◆ What to work on ◆
Reproduce the data below in full and exclude every picture.

========================================================================

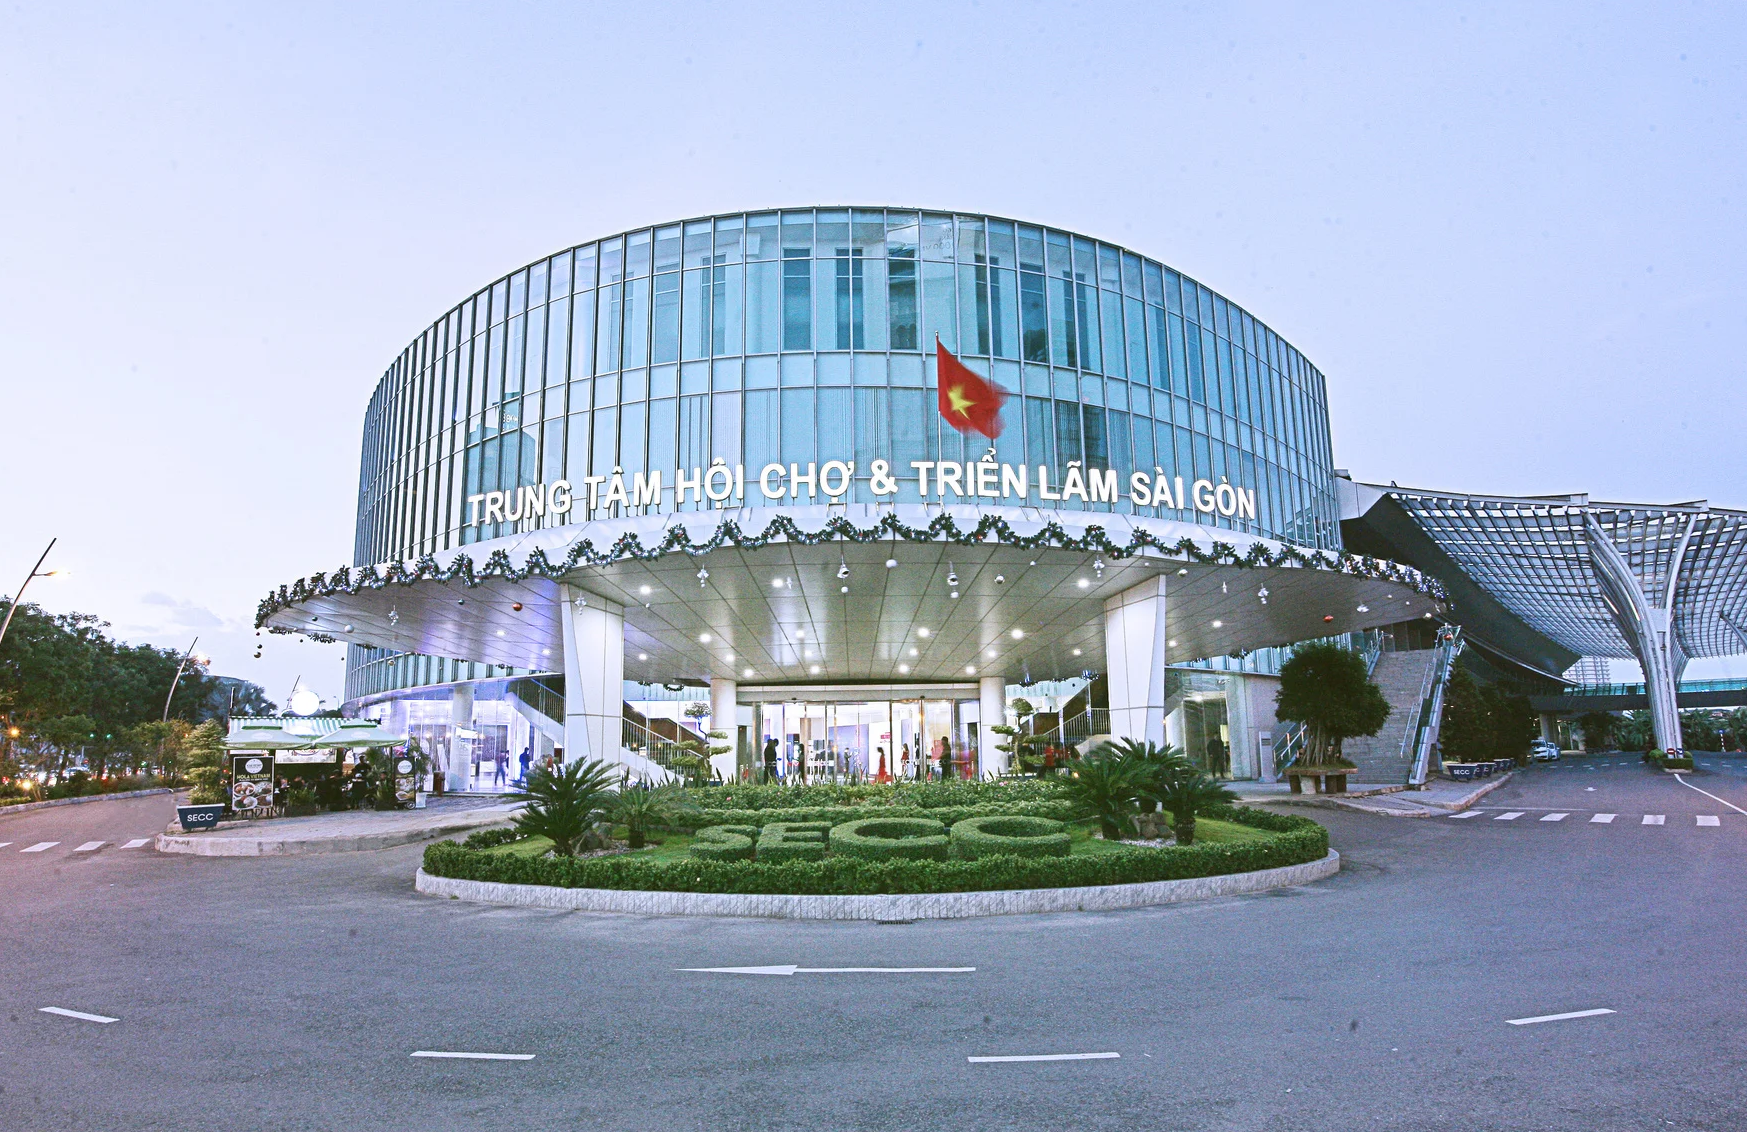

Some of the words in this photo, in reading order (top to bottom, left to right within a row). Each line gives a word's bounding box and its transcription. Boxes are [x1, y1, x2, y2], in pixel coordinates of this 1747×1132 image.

[467, 481, 572, 527] TRUNG
[584, 465, 661, 511] TÂM
[676, 456, 744, 510] HỘI
[759, 460, 855, 504] CHỢ
[869, 459, 898, 496] &
[910, 447, 1027, 500] TRIỂN
[1038, 460, 1118, 504] LÃM
[1130, 466, 1184, 510] SÀI
[1192, 475, 1255, 520] GÒN
[187, 813, 214, 822] SECC
[690, 815, 1071, 861] SECC
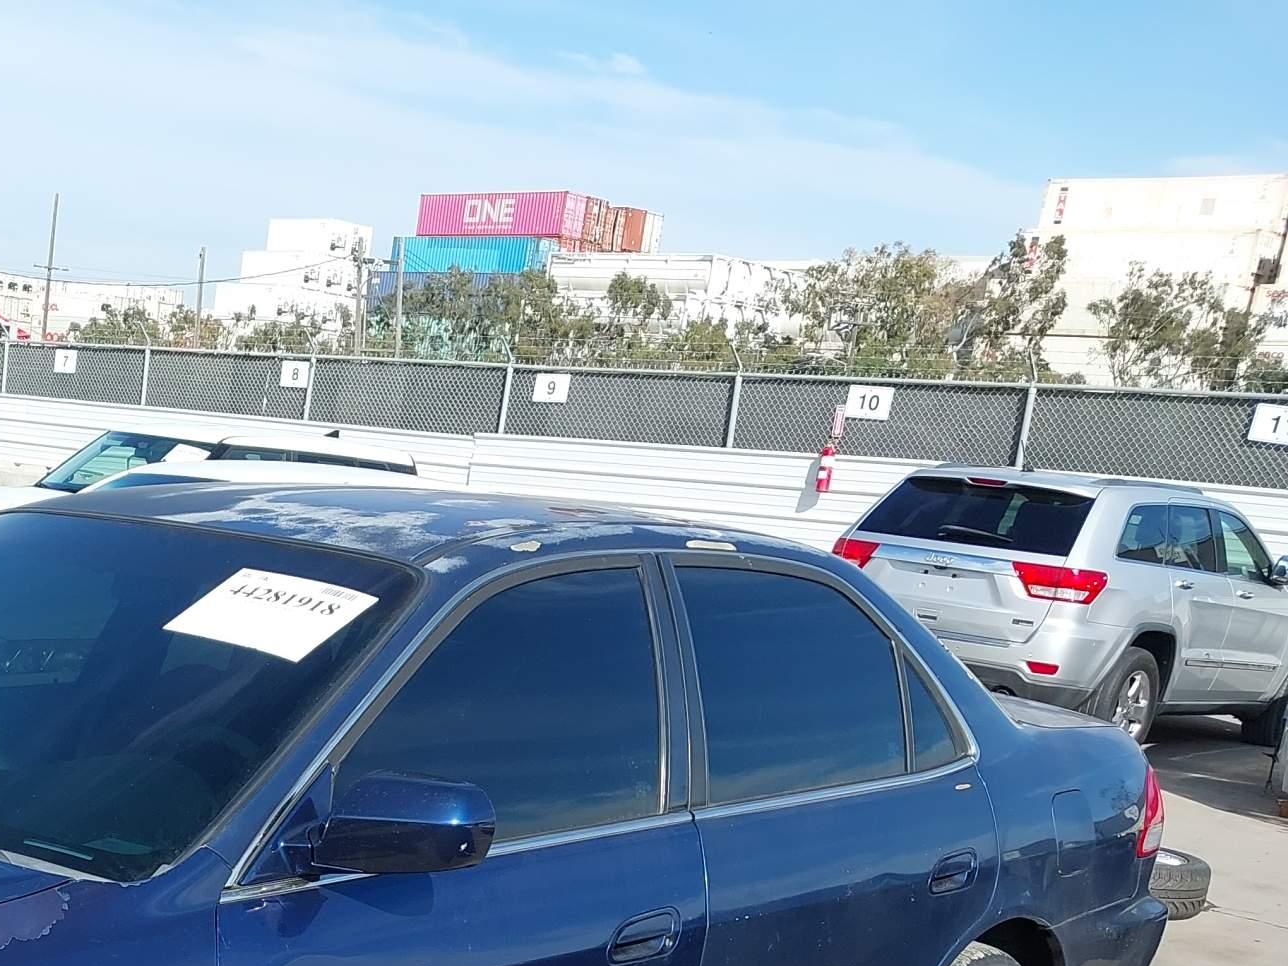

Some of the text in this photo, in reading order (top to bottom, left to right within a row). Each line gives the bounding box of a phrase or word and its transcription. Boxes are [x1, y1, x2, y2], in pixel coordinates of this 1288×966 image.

[463, 199, 515, 222] ONE
[63, 355, 69, 367] 7
[292, 367, 299, 380] 8
[547, 380, 556, 395] 9
[859, 393, 880, 411] 10
[230, 584, 341, 616] 44281918

========================================================================

◆ Output below ◆
Some of the words in this photo, in reading order (top to bottom, left to right within a row). Each line gives a word's bounding box and its transcription. Boxes are [x1, y1, x2, y2], in pixel coordinates of this 1747×1132 image.

[467, 481, 572, 527] TRUNG
[584, 465, 661, 511] TÂM
[676, 456, 744, 510] HỘI
[759, 460, 855, 504] CHỢ
[869, 459, 898, 496] &
[910, 447, 1027, 500] TRIỂN
[1038, 460, 1118, 504] LÃM
[1130, 466, 1184, 510] SÀI
[1192, 475, 1255, 520] GÒN
[187, 813, 214, 822] SECC
[690, 815, 1071, 861] SECC

Some of the text in this photo, in reading order (top to bottom, left to right within a row). Each line gives the bounding box of a phrase or word and its transcription. Boxes are [x1, y1, x2, y2], in pixel coordinates of this 1288×966 image.

[463, 199, 515, 222] ONE
[63, 355, 69, 367] 7
[292, 367, 299, 380] 8
[547, 380, 556, 395] 9
[859, 393, 880, 411] 10
[230, 584, 341, 616] 44281918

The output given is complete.